From 1957 to 1969, Lawson was involved with the Fellowship of Reconciliation (FOR), a pacifist organization founded in Europe at the outbreak of WWI and the oldest pacifist organization in the U.S. He served as a Southern Director of FOR and began organizing workshops on nonviolence for community members & students at Vanderbilt and the city’s four black colleges (Tennessee State University, Fisk University, Meharry College, and American Baptist College). He then enrolled at Vanderbilt University Divinity School in Nashville. His time with the Fellowship of Reconciliation helped him recognize that as a disciple of Jesus he was a nonviolent practitioner, not a pacifist.

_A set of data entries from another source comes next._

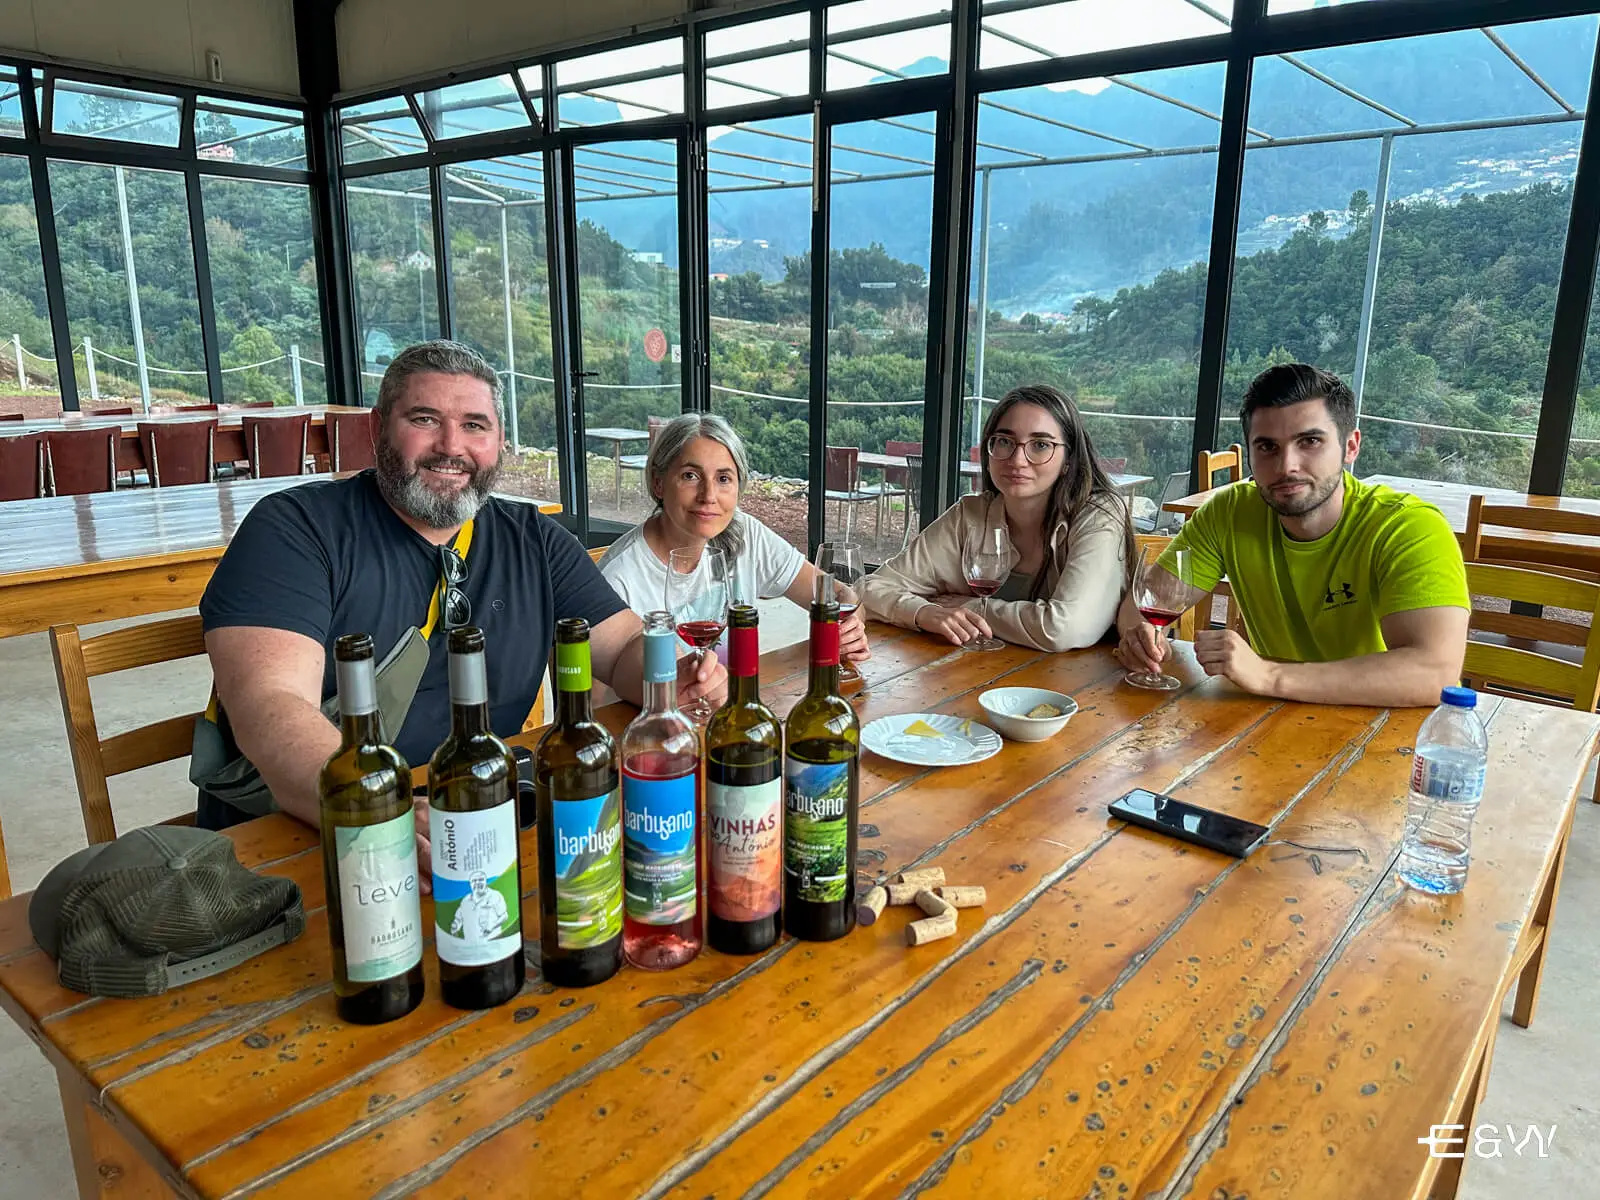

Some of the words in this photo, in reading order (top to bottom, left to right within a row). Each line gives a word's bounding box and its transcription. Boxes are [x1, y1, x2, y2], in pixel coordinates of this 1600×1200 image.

[624, 799, 693, 841] barbusano
[711, 813, 776, 835] VINHAS
[558, 823, 621, 856] barbusan
[352, 874, 415, 906] leve
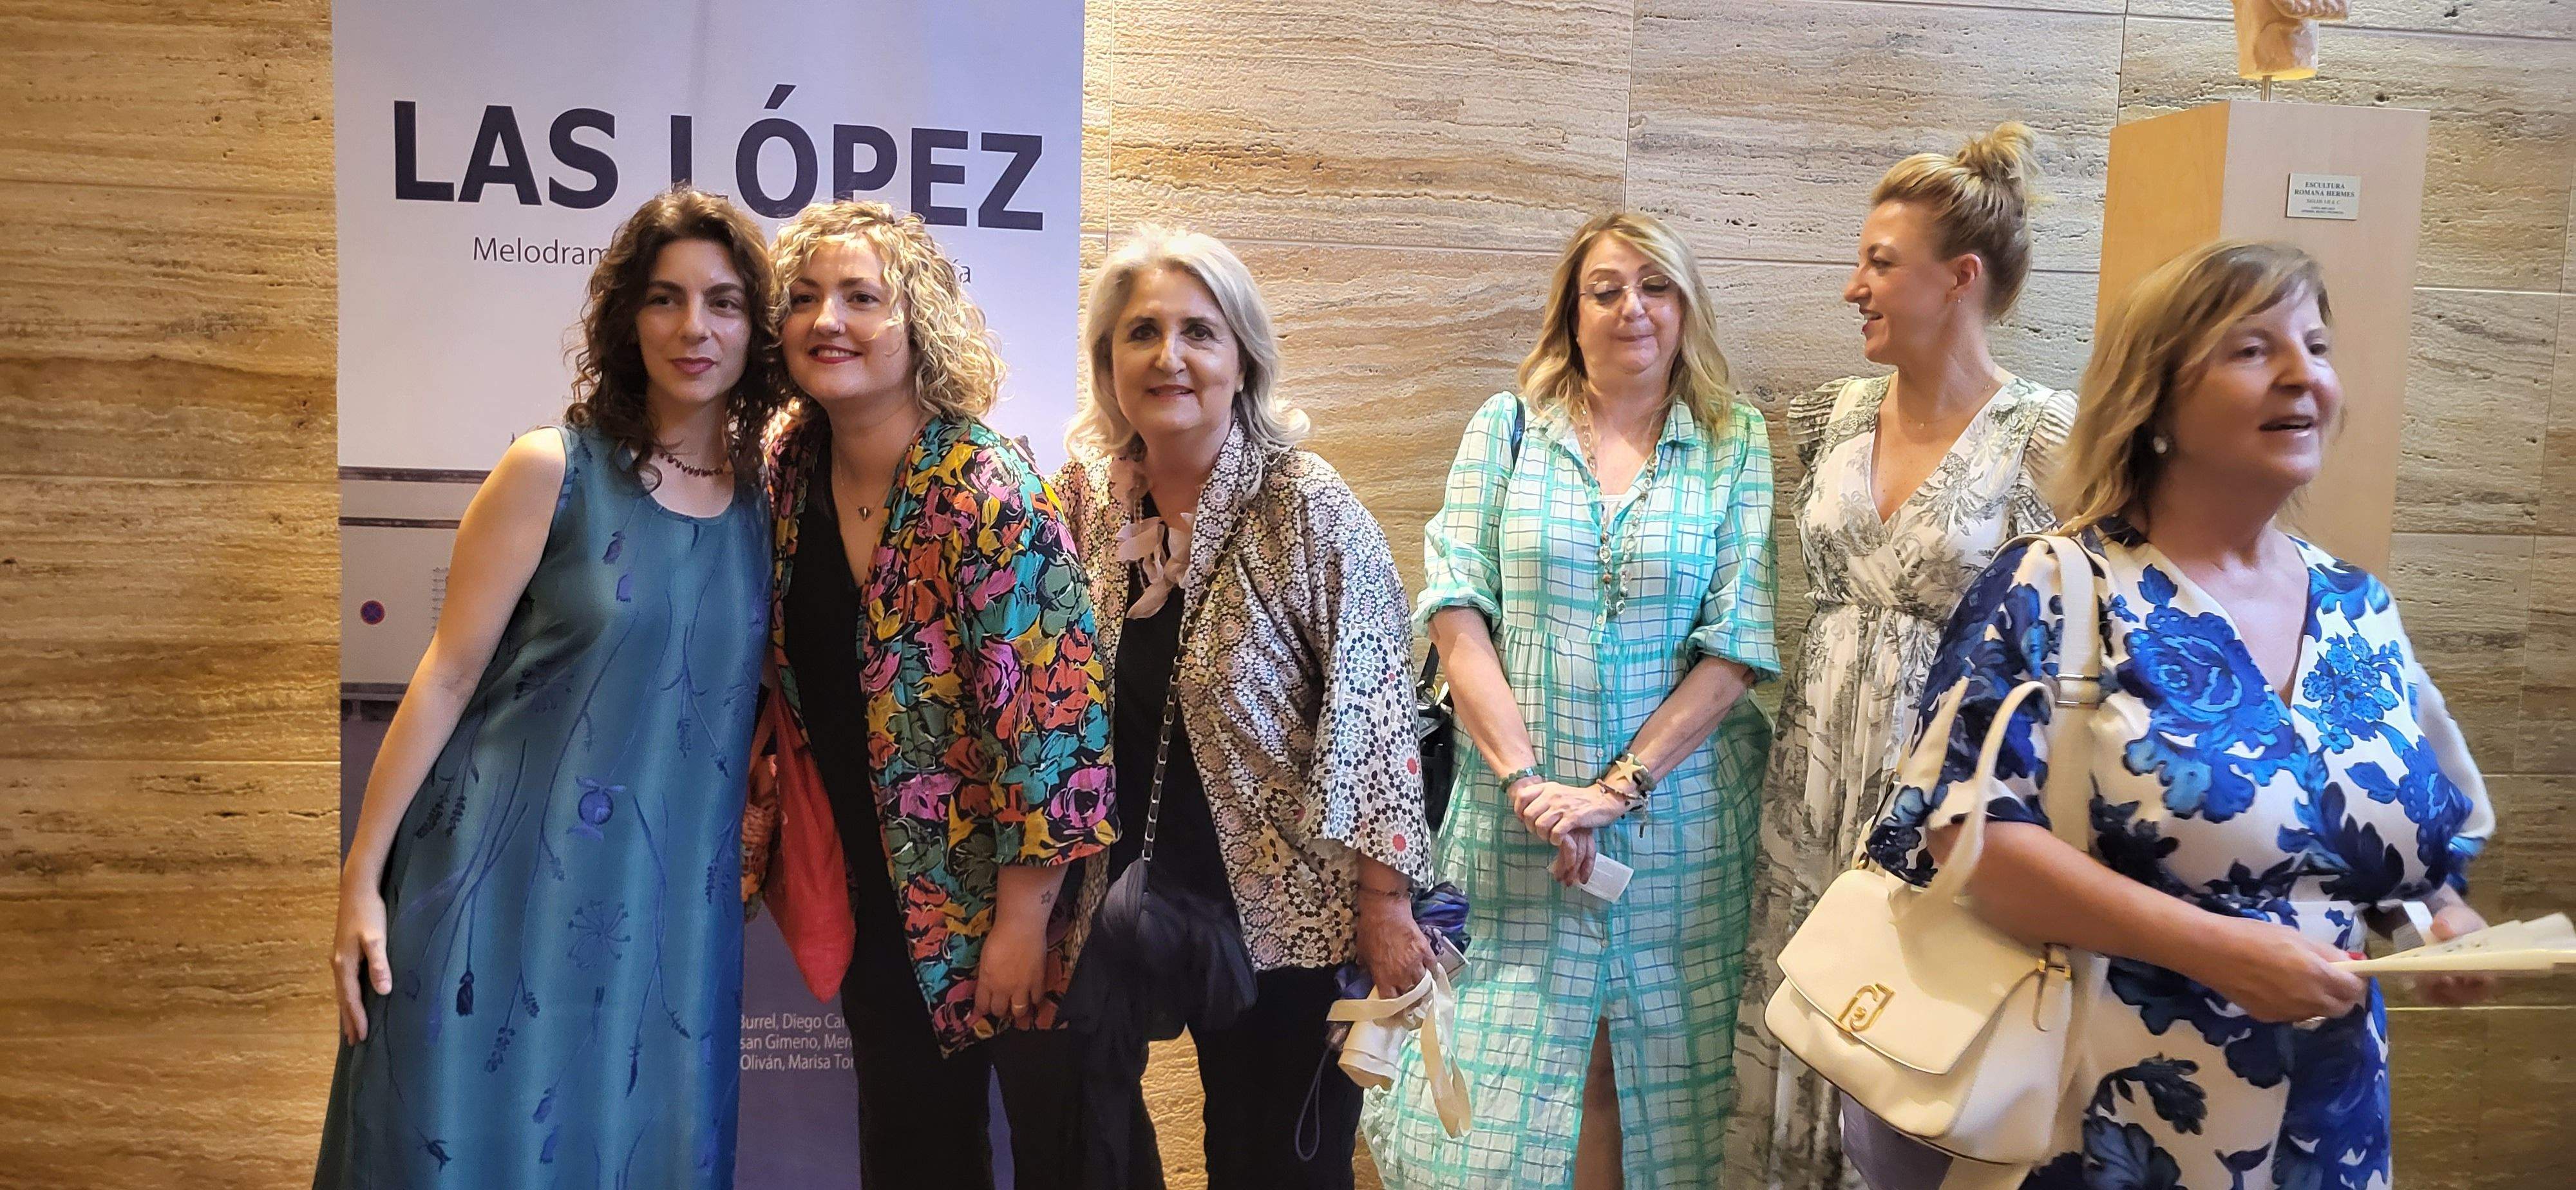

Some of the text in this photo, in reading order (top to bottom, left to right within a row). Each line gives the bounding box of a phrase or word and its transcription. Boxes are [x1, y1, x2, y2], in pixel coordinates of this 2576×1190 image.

In 1959, Lawson alongside Diane Nash, Marion Barry, John Lewis, Bernard Lafayette, & James Bevel planned nonviolent demonstrations in Nashville & conducted test sit-ins. These organizers were met with resistance and were considered “radical” in Nashville as the belief at the time was that Nashville was a “moderate” city with “the best working relationships with Black people and that in fact the sit-in was not the way to do it.”
On February 1, 1960, a year prior to the Freedom Rides, the first of the lunch counter sit-ins was organized in Greensboro, North Carolina at Woolworth’s diner. The sit-in began with North Carolina Agricultural and Technical State University (NCAT) students Joseph McNeil, Franklin McCain, Ezell Blair, and David Richmond, who trained with Reverend Lawson’s principles in nonviolence. These activist students learned how to use one's body in the occupation of space. The students purchased items and sat down at the Woolworth's lunch counter, they were asked to leave but politely refused and to their surprise, were not arrested. They remained seated until the store closed. As the days followed, more students joined the action. By February 4th, more than 300 people showed up for the sit-ins. The sit-ins followed in Kress, a five and dime store in Greensboro, and remained peaceful and polite.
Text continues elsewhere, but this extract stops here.